I've been looking into neutrinos. One thing I'm puzzled about is how fast they travel.
See the Wikipedia SN1987A article where you can read this: “approximately two to three hours before the visible light from SN1987A reached Earth, a burst of neutrinos was observed at three separate neutrino observatories”. Some reports describe an initial burst of neutrinos which arrived 7.7 hours before the light. It's thought that the neutrinos were emitted before the light because of the way stars collapse, wherein photons take longer to get out. I don't have much of an issue with that. But what's interesting is that in 168,000 years travelling through space, the photons didn’t overtake the neutrinos. That suggests to me that neutrinos are massless, which ties in with what Fermi said in section VII of his 1934 paper. He plotted three curves and noted that the μ=0 curve matched the empirical curves. He concluded that “the rest mass of the neutrino is either zero, or, in any case, very small in comparison to the mass of the electron”.

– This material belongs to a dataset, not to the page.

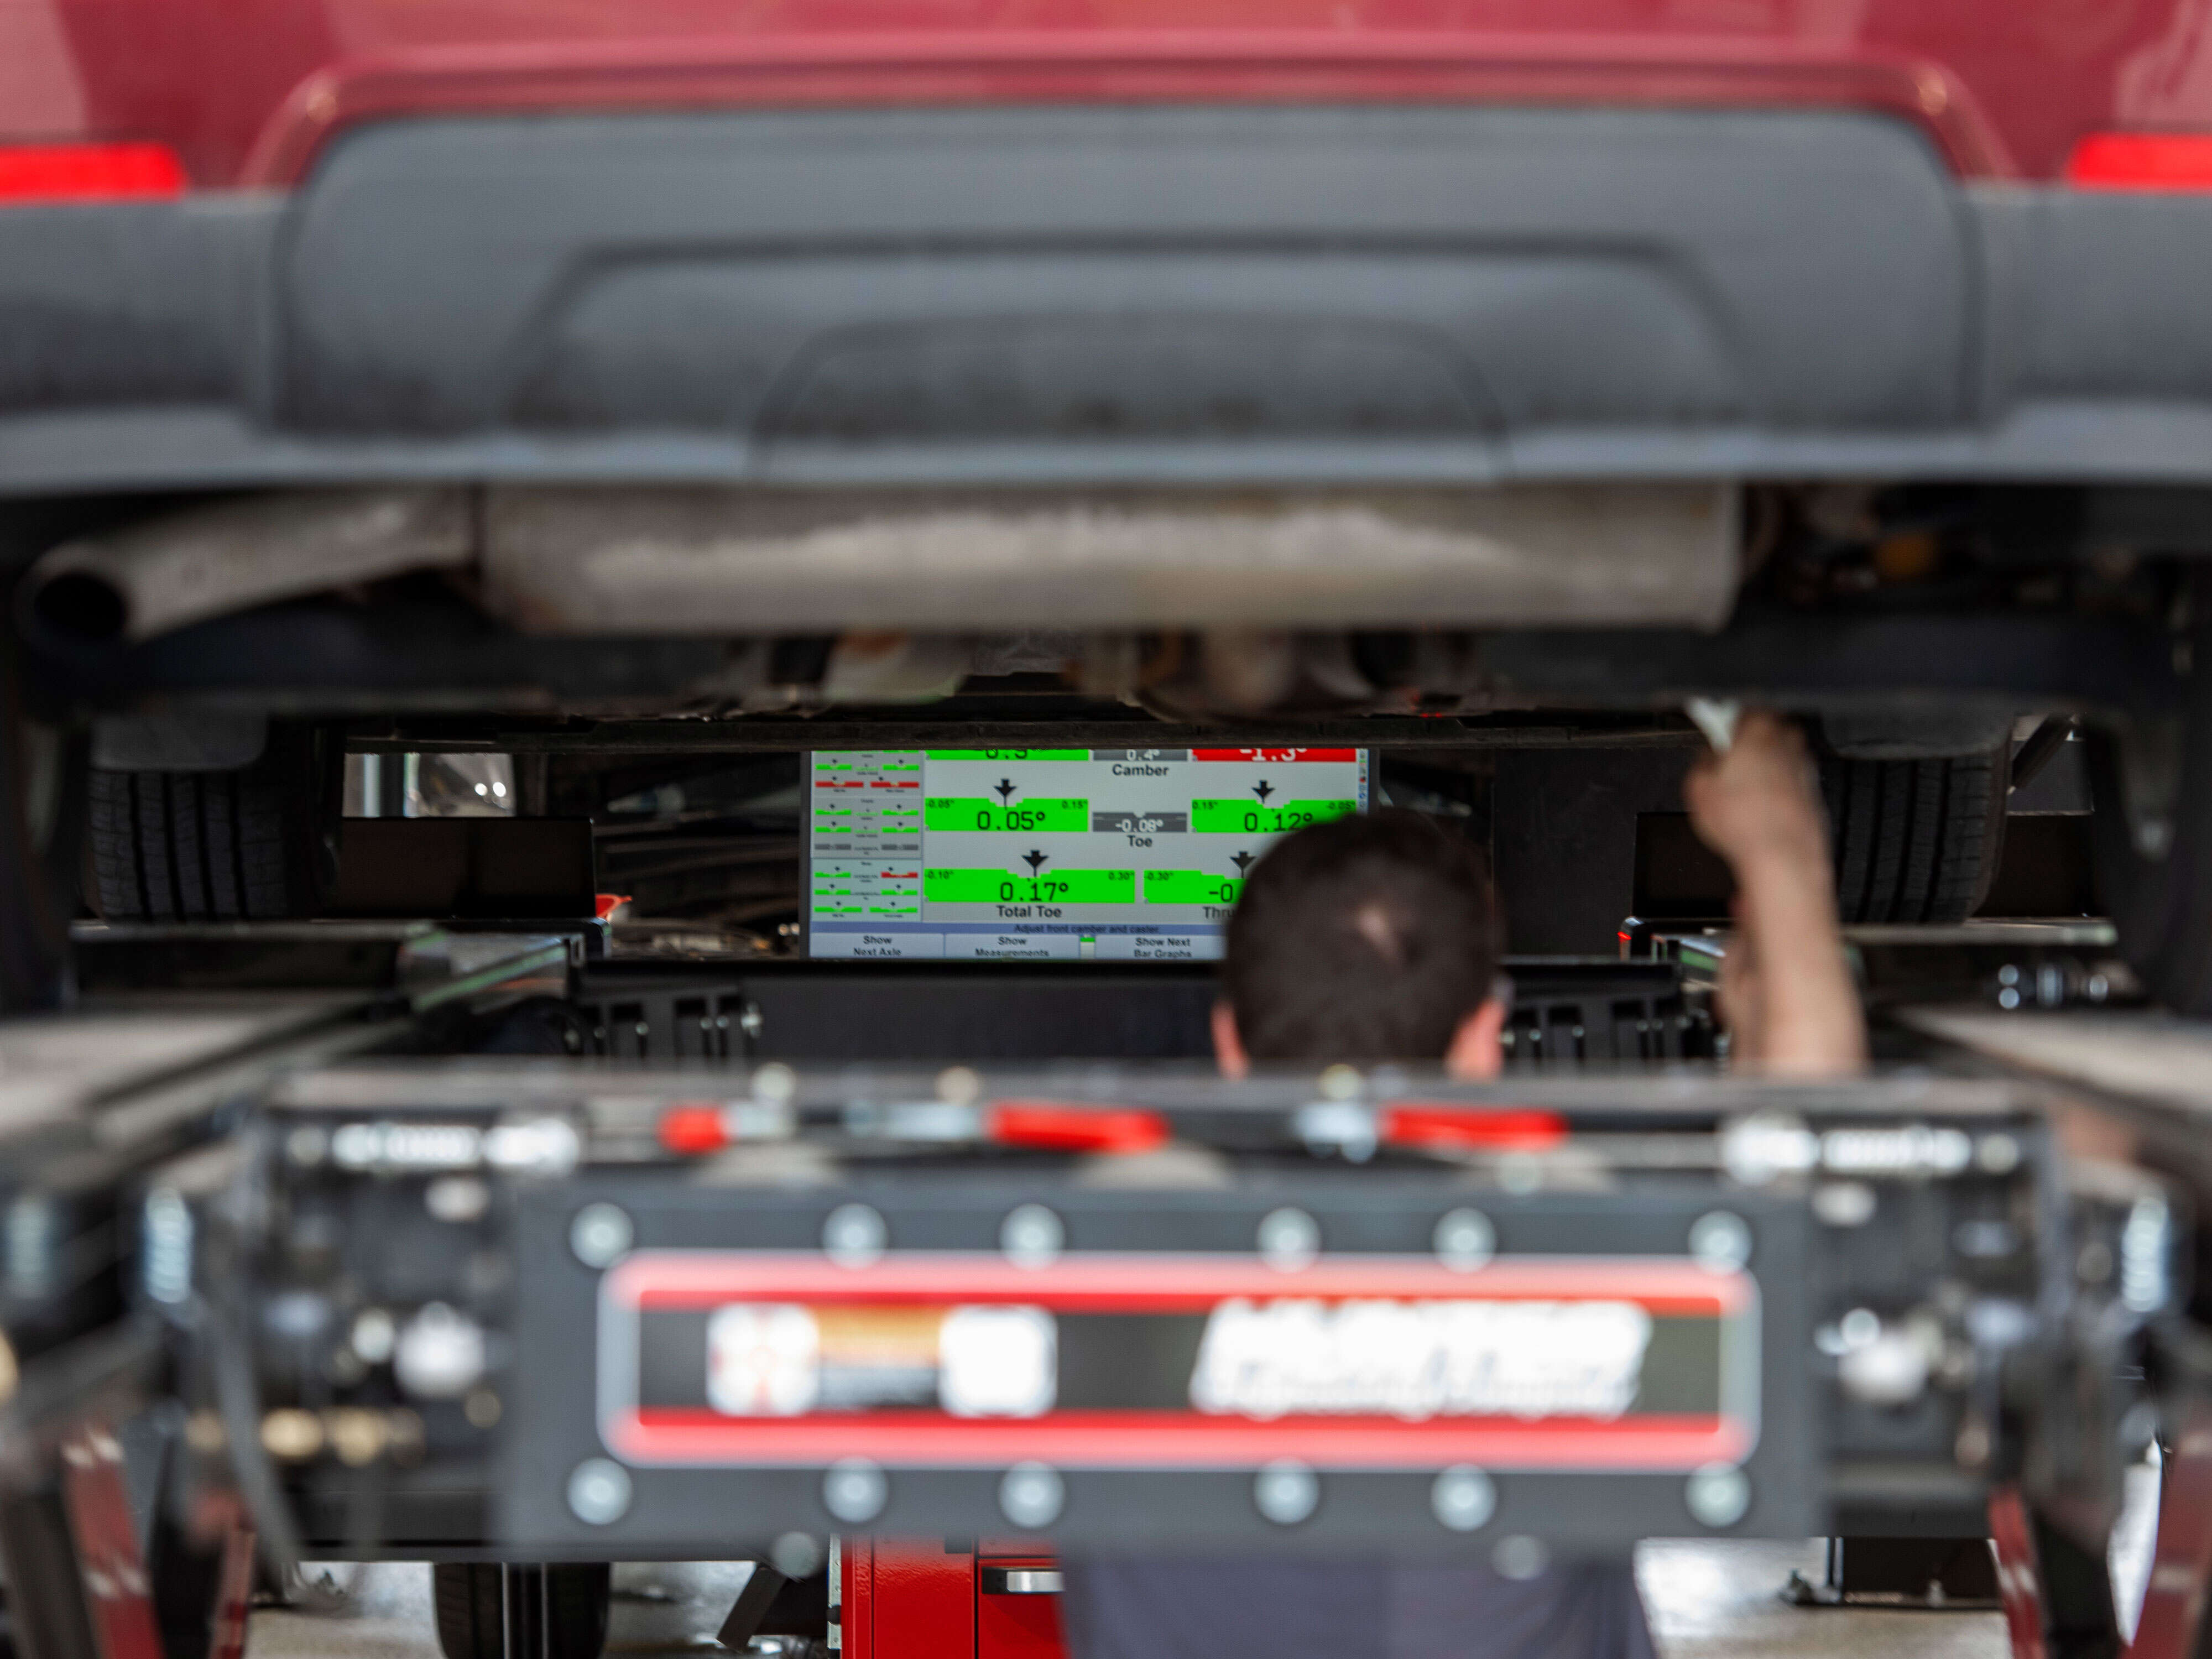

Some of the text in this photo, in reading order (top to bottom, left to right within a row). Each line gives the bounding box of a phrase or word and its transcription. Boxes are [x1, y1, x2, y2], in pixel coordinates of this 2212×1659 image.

The thing is that if neutrinos travel at exactly c they have no mass at all. And I can't find any evidence that they don't. I can find plenty of evidence for electrons travelling at speeds less than c. The neutrino is said to be a fermion like an electron. But I can't find any evidence of neutrinos travelling at speeds less than c.
Can anybody give me a reference to any cosmological evidence that neutrinos travel at less than c? Or any other hard scientific evidence? By evidence I don't mean an inference such as "neutrinos go missing so they must oscillate therefore they must have mass therefore they must travel at less than c". I mean evidence.